7:57 am Wendy van Eyck 0 Comments

Taking a good look at [the ten lepers], Jesus said, “Go, show yourselves to the priests.”
They went, and while still on their way, became clean. One of them, when he realized that he was healed, turned around and came back, shouting his gratitude, glorifying God. He kneeled at Jesus’ feet, so grateful. He couldn’t thank him enough—and he was a Samaritan. Luke 17:14-16 (MSG)

Xylon fingered some bumps on his right hand side, "I think I've got shingles."

I slid across the bed and stood next to him fingering the raised bumps, "It looks like shingles. You better get to a doctor tomorrow before we are away for a week."

I said it casually but fear had already made its way into my voice.

You see almost four years earlier Xylon had shingles, and a few months later he was diagnosed with lymphoma, a cancer that attacks the immune system.

We knew until Xylon's next scan over a month away from then that we would be fighting the enemy of our souls and the shadow of death that cancer opened the door too.

We prayed right there that night that the devil would not steal our rest or our joy from the next 10 days of holiday. 

We were headed to the exact place where a year earlier Xylon had stood and experienced God healing him. The place where Xylon tells people he knew he no longer had cancer – not because of medicine – but because God heals.

Then we returned from our holiday and Xylon went for his biannual PET scan.

This is where the part about God healing my husband gets messy. 

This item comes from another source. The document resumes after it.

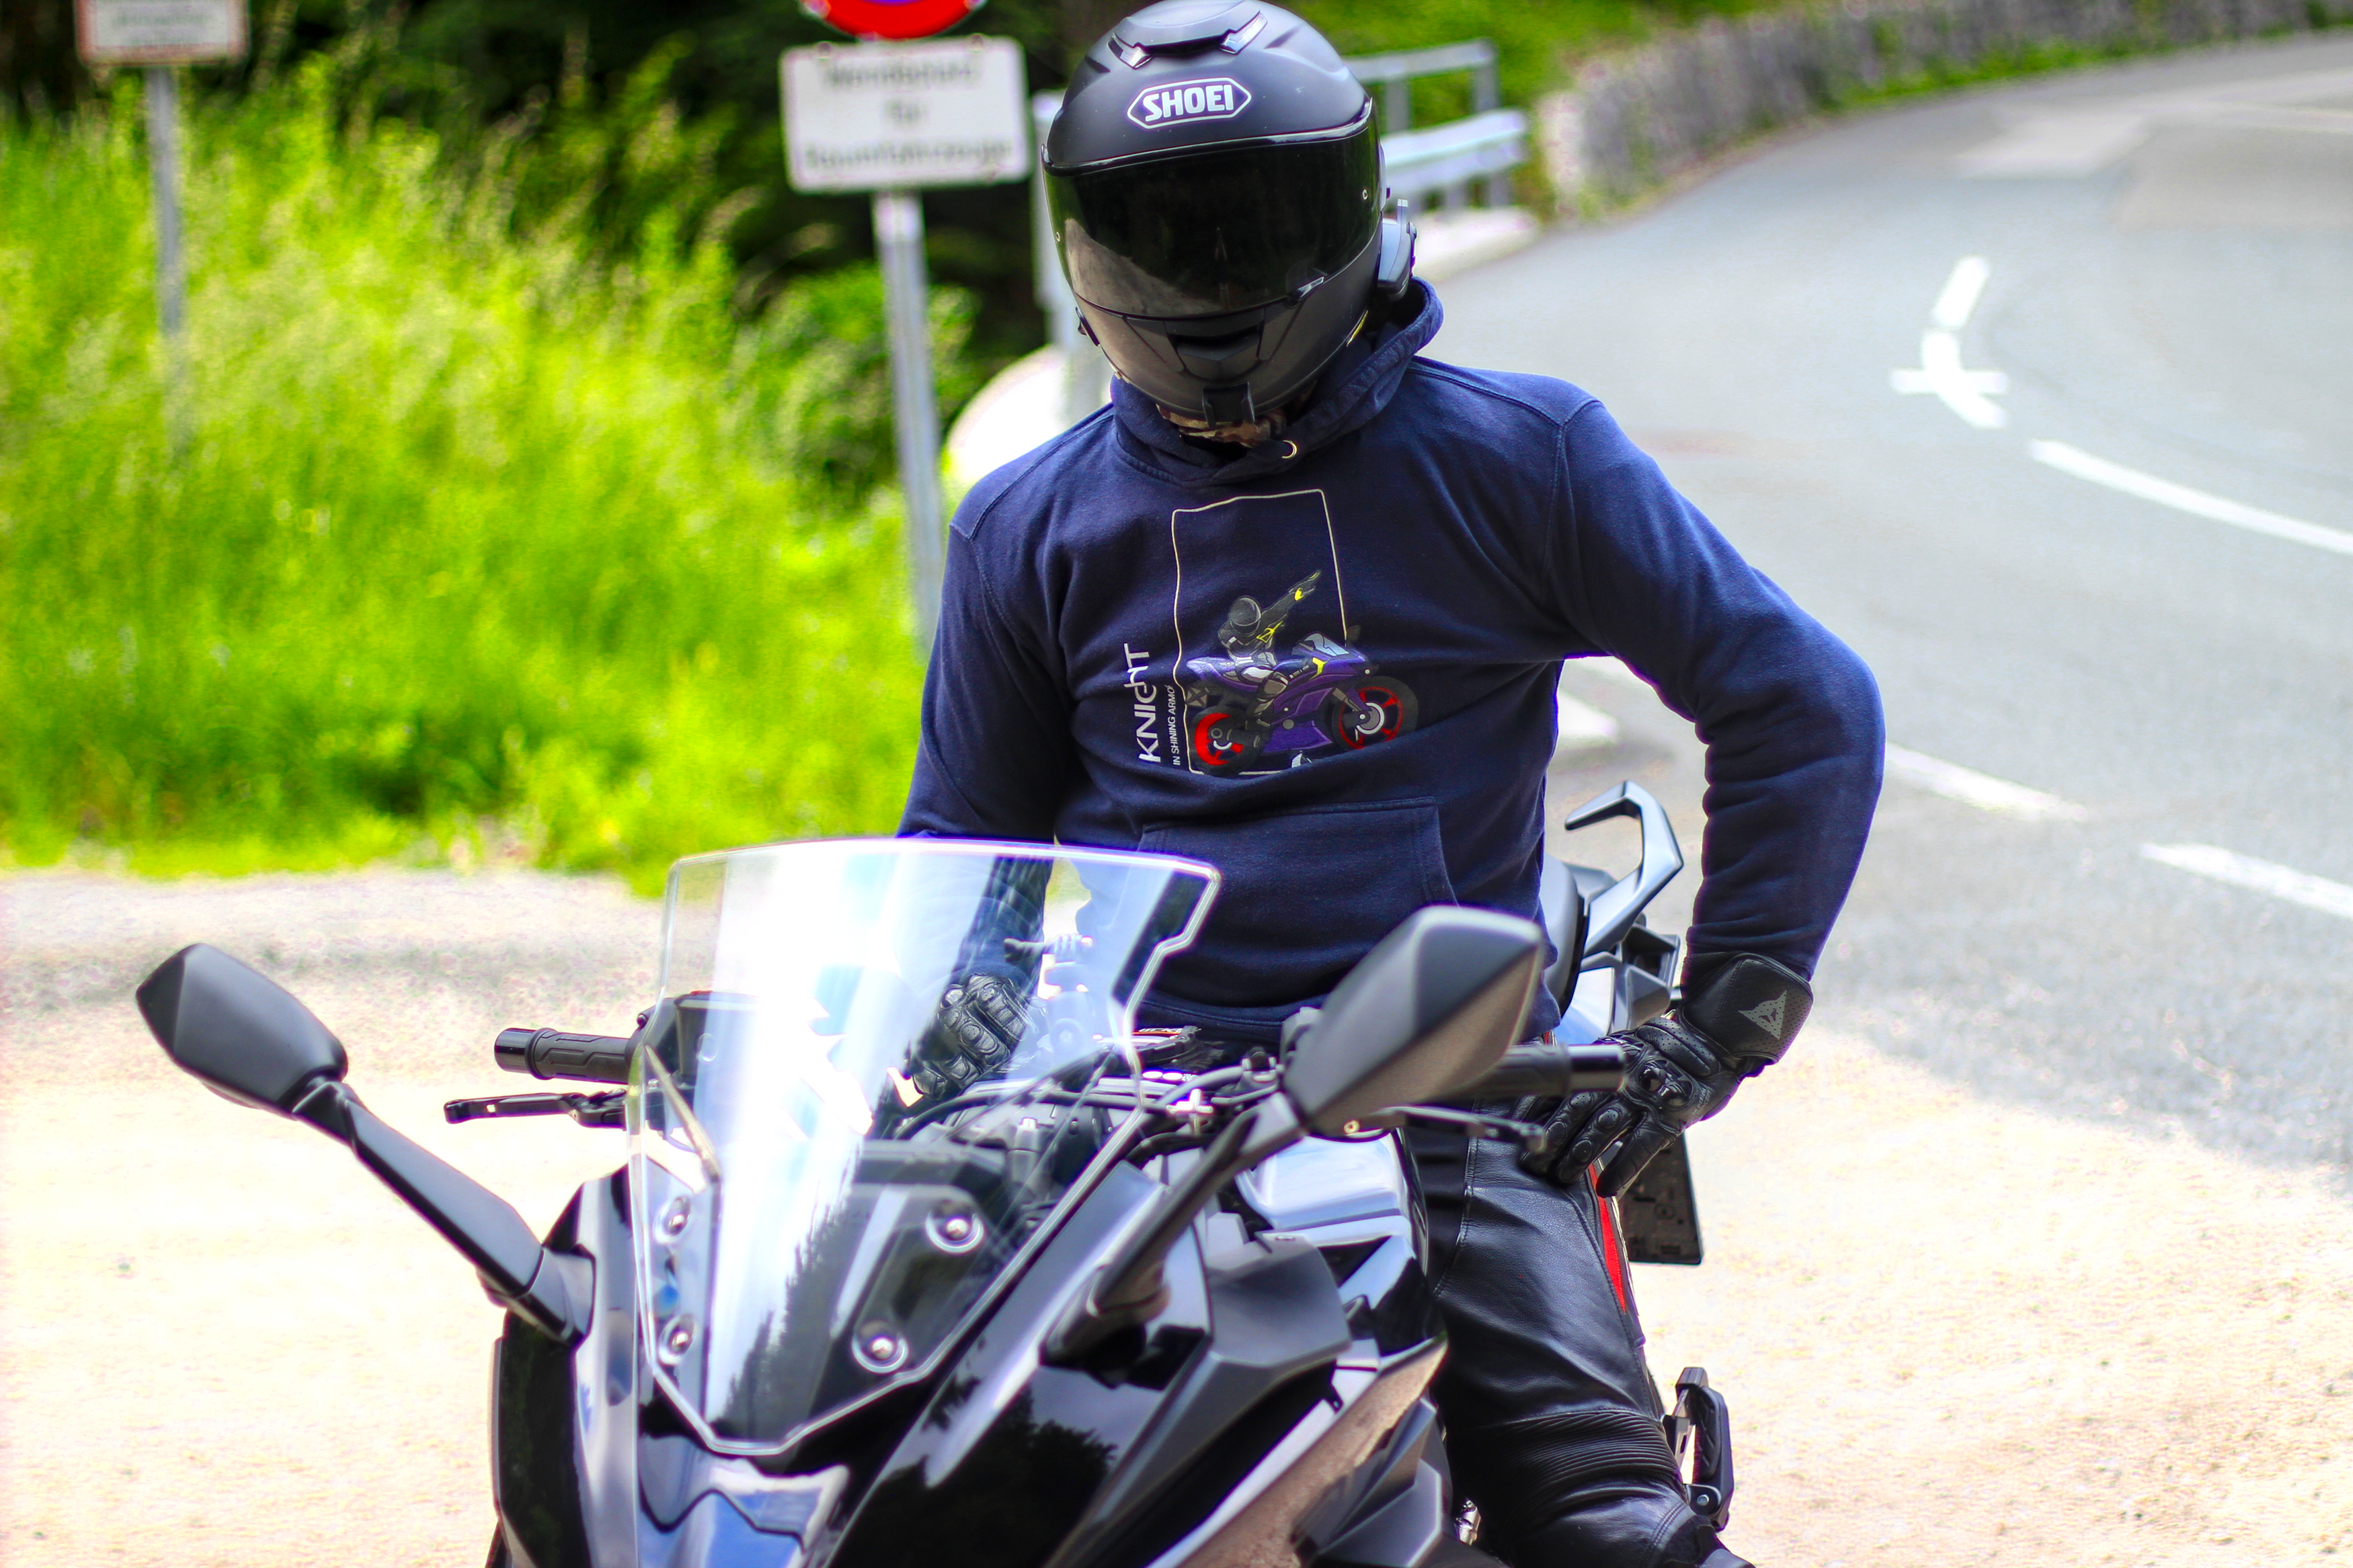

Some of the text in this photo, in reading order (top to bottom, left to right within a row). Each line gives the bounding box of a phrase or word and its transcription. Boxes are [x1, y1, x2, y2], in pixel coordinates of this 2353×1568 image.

[1143, 85, 1234, 122] SHOEI
[1123, 643, 1161, 763] KNIGHT
[1167, 716, 1180, 753] SHINING

The next day the Oncologist phoned. "It looks like there has been a recurrence. You need to see a Haematologist about treatment options."

'Not this, not again,’ we thought.

The Haematologist gave us hope. Told us a biopsy would confirm whether or not it was cancer, that there was a 35% chance of a false positive on the PET scan.

We fought for joy. We tried to remember that we believed God had healed Xylon. We spoke about how all those weeks before we’d felt that the enemy of our souls was out to steal our joy, to take credit from God. 

A week ago, we got the results of the biopsy and they showed, “No cancer”. 

It would be easy for me to say, “I knew all along that it would be clear because I know God healed Xylon.” 
It would be easy to say but it’s not true. 


I let fear win many times while we waited for the results.

I know healing is complex.  

I know God doesn’t heal everyone and I don’t understand why. 

I love how Abby Norman puts it that her feelings about healing are more jumbled and complicated then she ever expected. I get that.

And I still doubt. I still wonder if what Xylon felt as God healing him truly was his creator reconfiguring cancerous cells. I guess it shows that maybe I don’t really trust God with our lives as much as I think I do. 

But I’m not beating myself up about it. I don’t think God would want that. I think he would want me to like the one leper out of ten who realised they were healed and ran back to thank Jesus. 

One leper out of the ten who didn’t wonder if this healing was forever. 

One leper out of the ten who just saw healing in the moment and couldn’t wait to say, “Thank you, thank you, thank you.”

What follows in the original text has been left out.